Re: A few patches to clarify snapshot management, part 2 - Mailing list pgsql-hackers

From Heikki Linnakangas
Subject Re: A few patches to clarify snapshot management, part 2
Date
Msg-id 1c83dd8a-3756-404f-bf8a-4a03d9fd8059@iki.fi
Whole thread Raw
In response to Re: A few patches to clarify snapshot management, part 2  (Chao Li <li.evan.chao@gmail.com>)

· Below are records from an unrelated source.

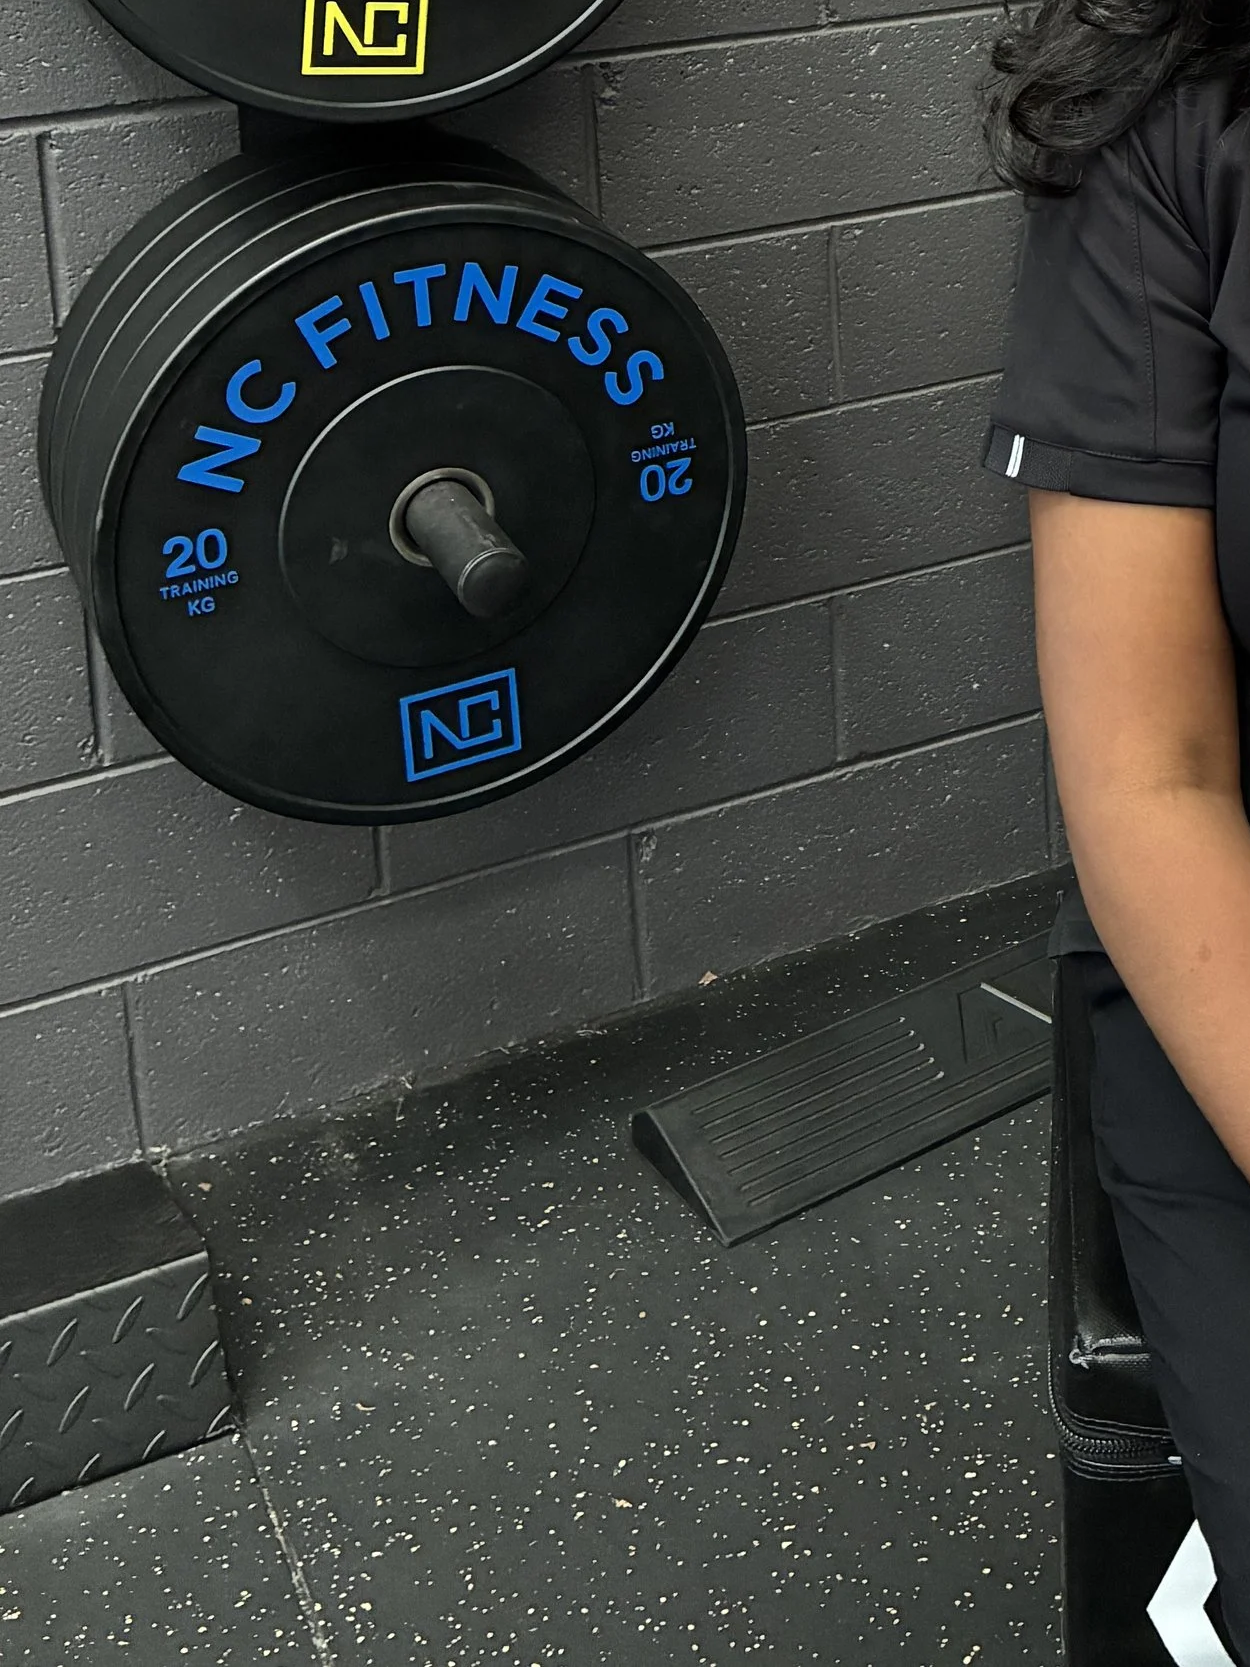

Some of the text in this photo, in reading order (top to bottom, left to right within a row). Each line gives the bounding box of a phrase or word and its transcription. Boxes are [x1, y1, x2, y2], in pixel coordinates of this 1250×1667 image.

[177, 262, 664, 492] NC FITNESS
[651, 422, 674, 439] KG
[631, 438, 696, 462] TRAINING
[640, 458, 692, 501] 20
[163, 529, 227, 578] 20
[160, 571, 238, 599] TRAINING
[188, 597, 215, 615] KG
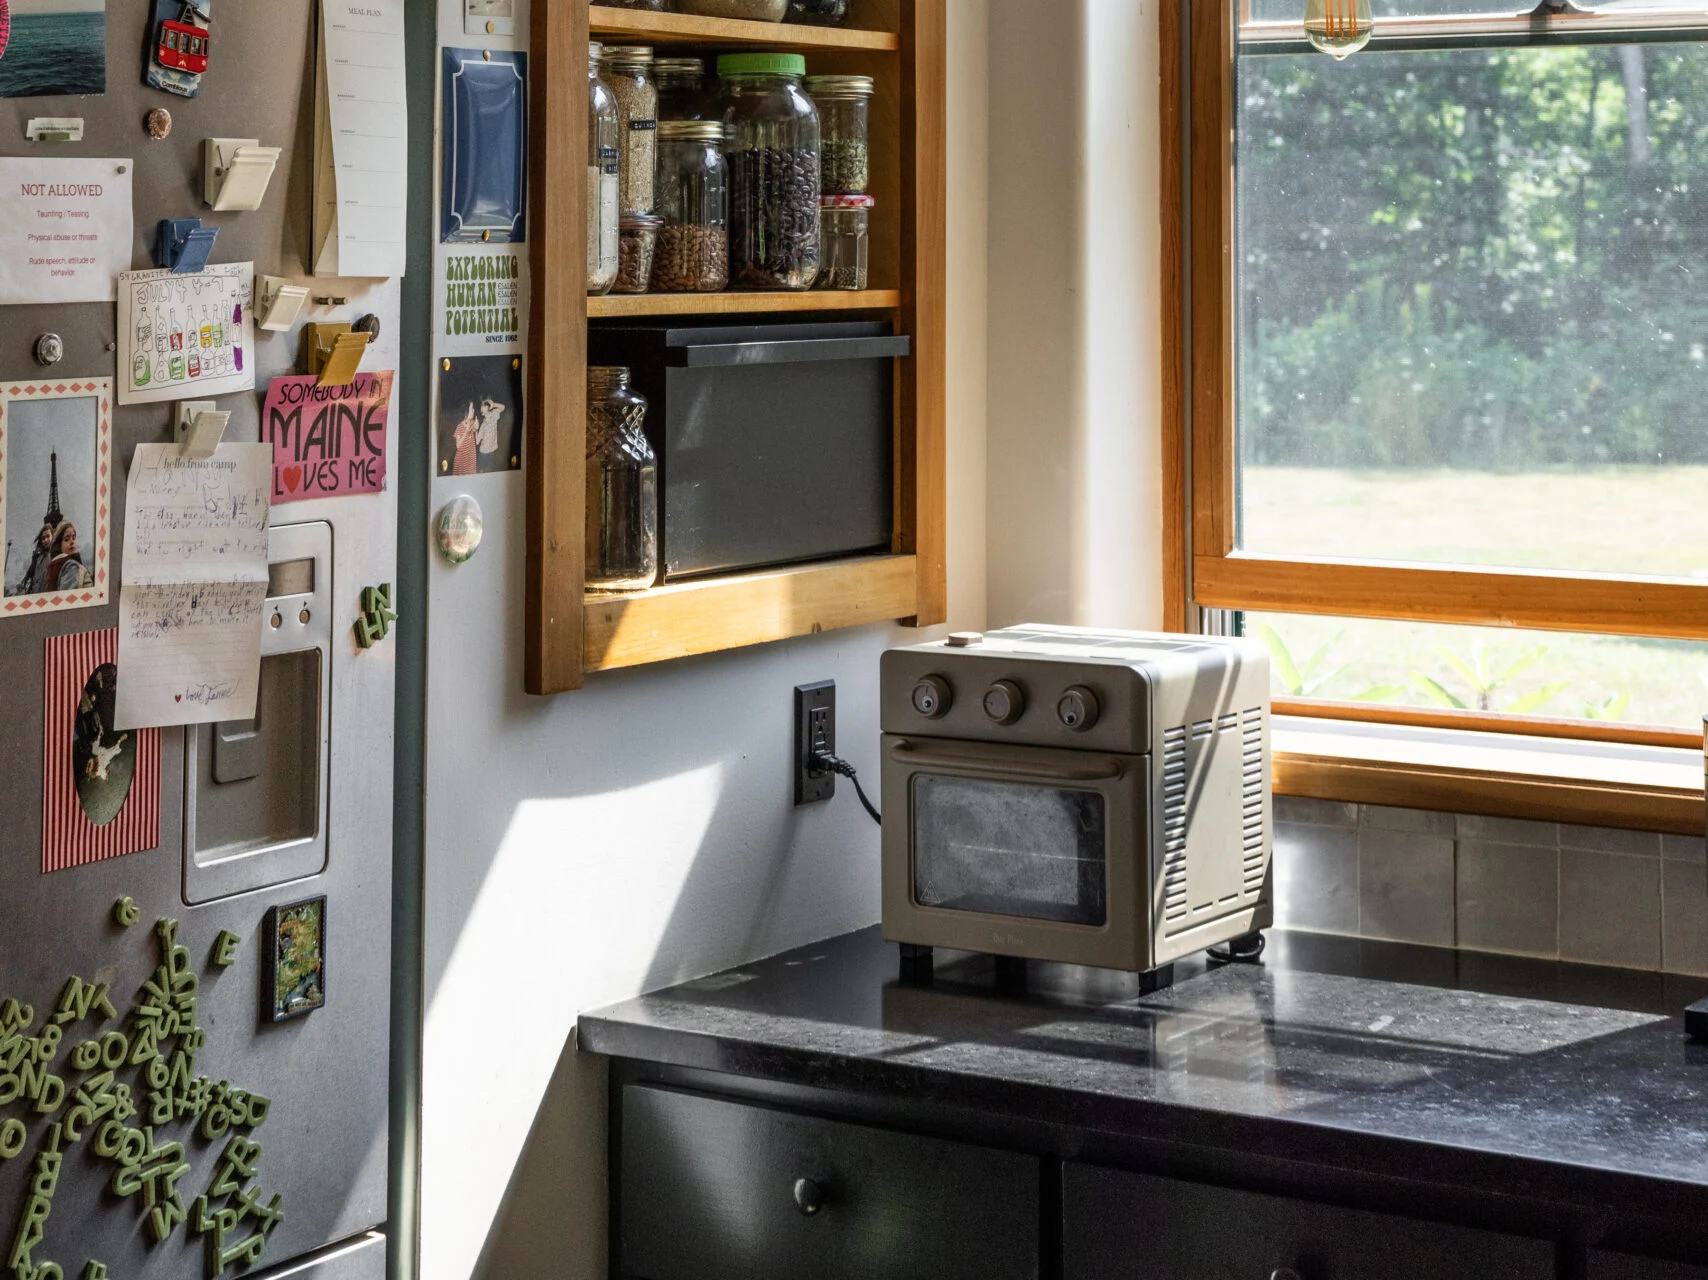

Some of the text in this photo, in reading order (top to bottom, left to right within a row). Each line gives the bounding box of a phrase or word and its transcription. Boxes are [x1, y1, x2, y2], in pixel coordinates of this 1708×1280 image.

[348, 7, 382, 17] MEAL PLAN
[21, 183, 103, 197] NOT ALLOWED
[27, 233, 53, 243] Physical
[54, 233, 71, 241] abuse
[29, 257, 45, 265] Rude
[51, 269, 75, 277] behavior
[446, 255, 518, 281] EXPLORING
[136, 280, 175, 304] JULY
[446, 282, 496, 308] HUMAN
[446, 307, 518, 335] POTENTIAL
[485, 334, 504, 343] SINCE
[278, 378, 383, 404] SOMEBODY IN
[270, 398, 385, 464] MAINE
[163, 457, 237, 473] hello from camp
[349, 457, 376, 489] ME
[214, 930, 241, 966] E
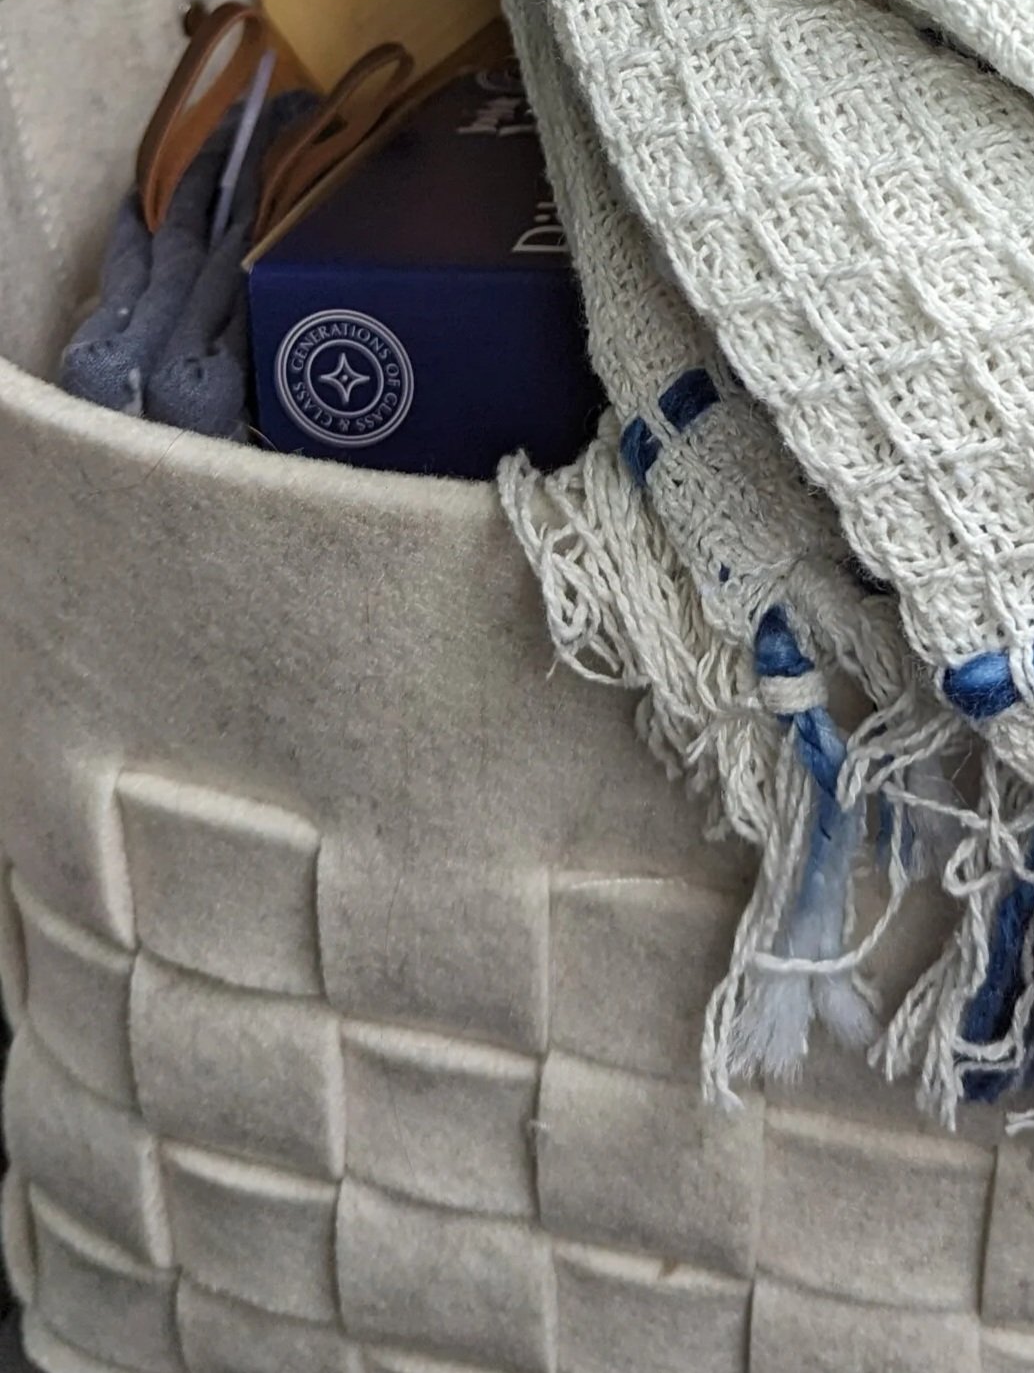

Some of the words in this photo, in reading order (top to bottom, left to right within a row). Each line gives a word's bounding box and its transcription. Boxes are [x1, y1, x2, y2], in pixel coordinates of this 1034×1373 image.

[291, 323, 392, 372] GENERATIONS
[385, 363, 401, 387] OF
[293, 381, 333, 428] CLASS
[356, 392, 399, 431] GLASS
[338, 417, 351, 432] &
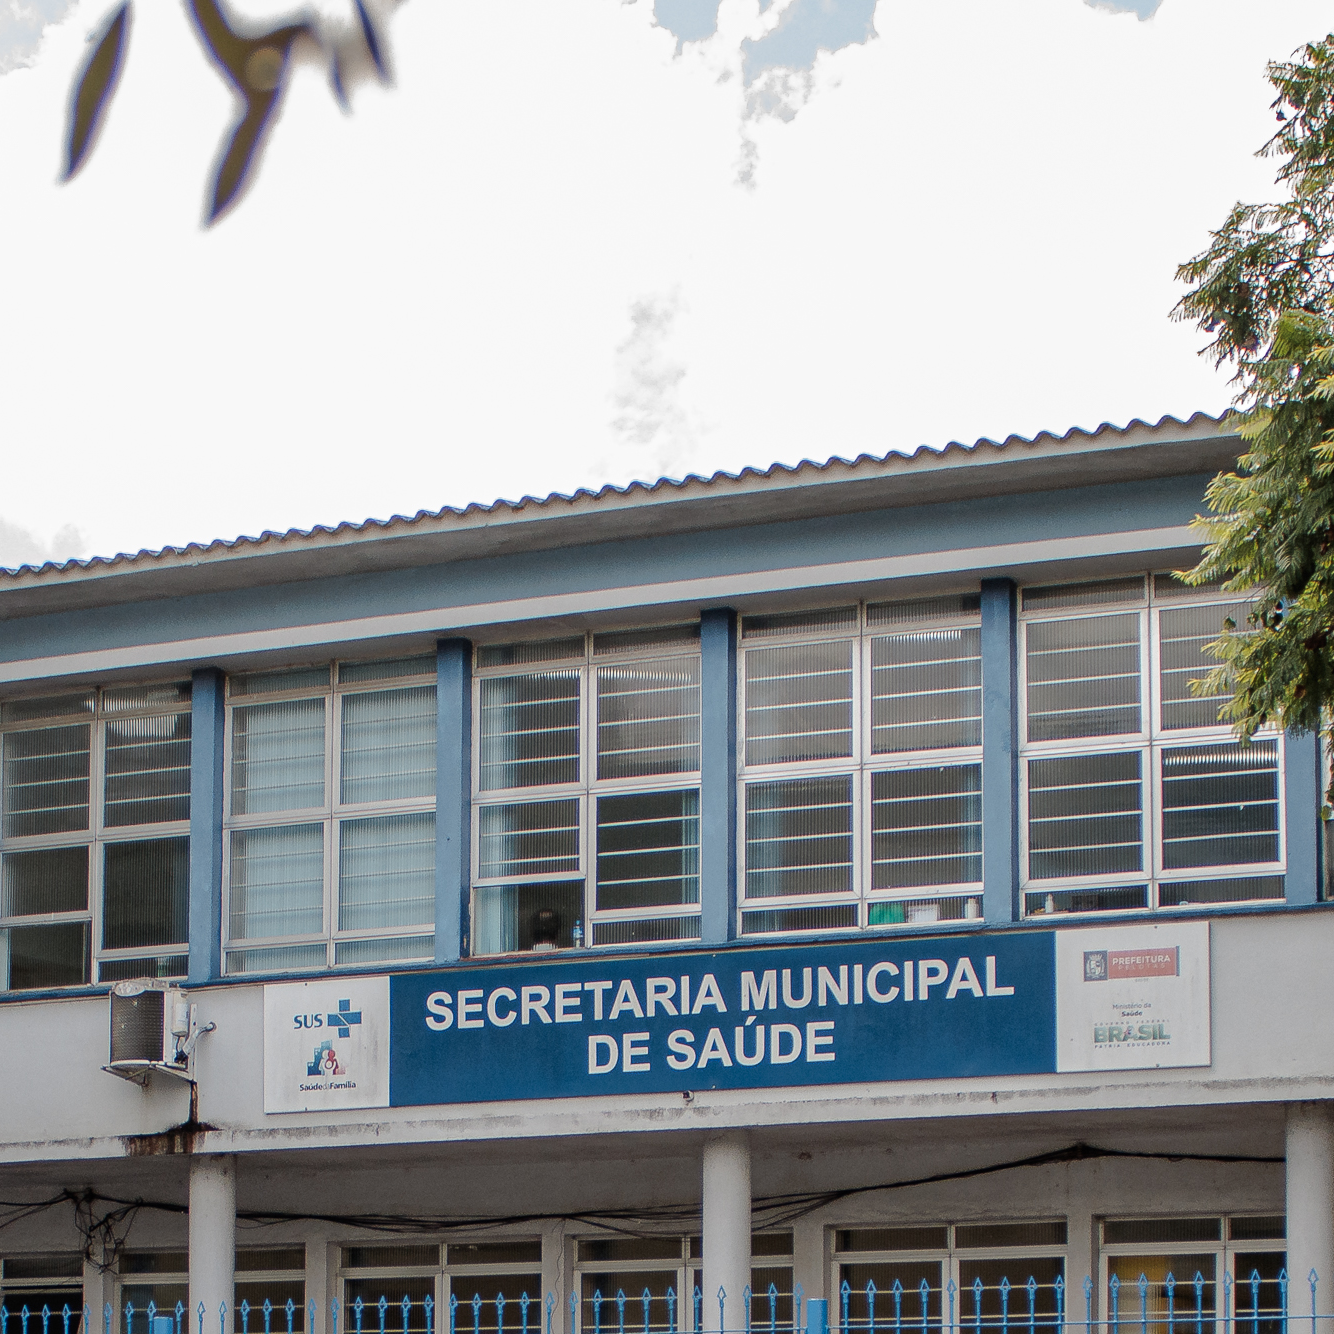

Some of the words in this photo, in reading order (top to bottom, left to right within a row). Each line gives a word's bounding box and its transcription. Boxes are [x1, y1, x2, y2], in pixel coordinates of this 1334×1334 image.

[1112, 954, 1171, 965] PREFEITURA
[1118, 963, 1166, 971] PELOTAS
[425, 973, 727, 1031] SECRETARIA
[740, 955, 1015, 1012] MUNICIPAL
[1112, 1002, 1142, 1010] Ministério
[293, 1013, 323, 1029] SUS
[1094, 1023, 1171, 1044] BRASIL
[588, 1032, 650, 1075] DE
[666, 1015, 836, 1070] SAÚDE
[299, 1083, 323, 1091] Saúde
[329, 1081, 357, 1090] Família

Responses Re: A few patches to clarify snapshot management, part 2
List pgsql-hackers
On 19/12/2025 07:15, Chao Li wrote:
>> On Dec 19, 2025, at 07:30, Heikki Linnakangas <hlinnaka@iki.fi> wrote:
>>
>> Patch 0002: Split SnapshotData into separate structs for each kind of snapshot
>> >> This implements the long-standing TODO and splits SnapshotData up
>> into multiple structs. This makes it more clear which fields are
>> used with which kind of snapshot. For example, we now have
>> properly named fields for the XID arrays in historic snapshots.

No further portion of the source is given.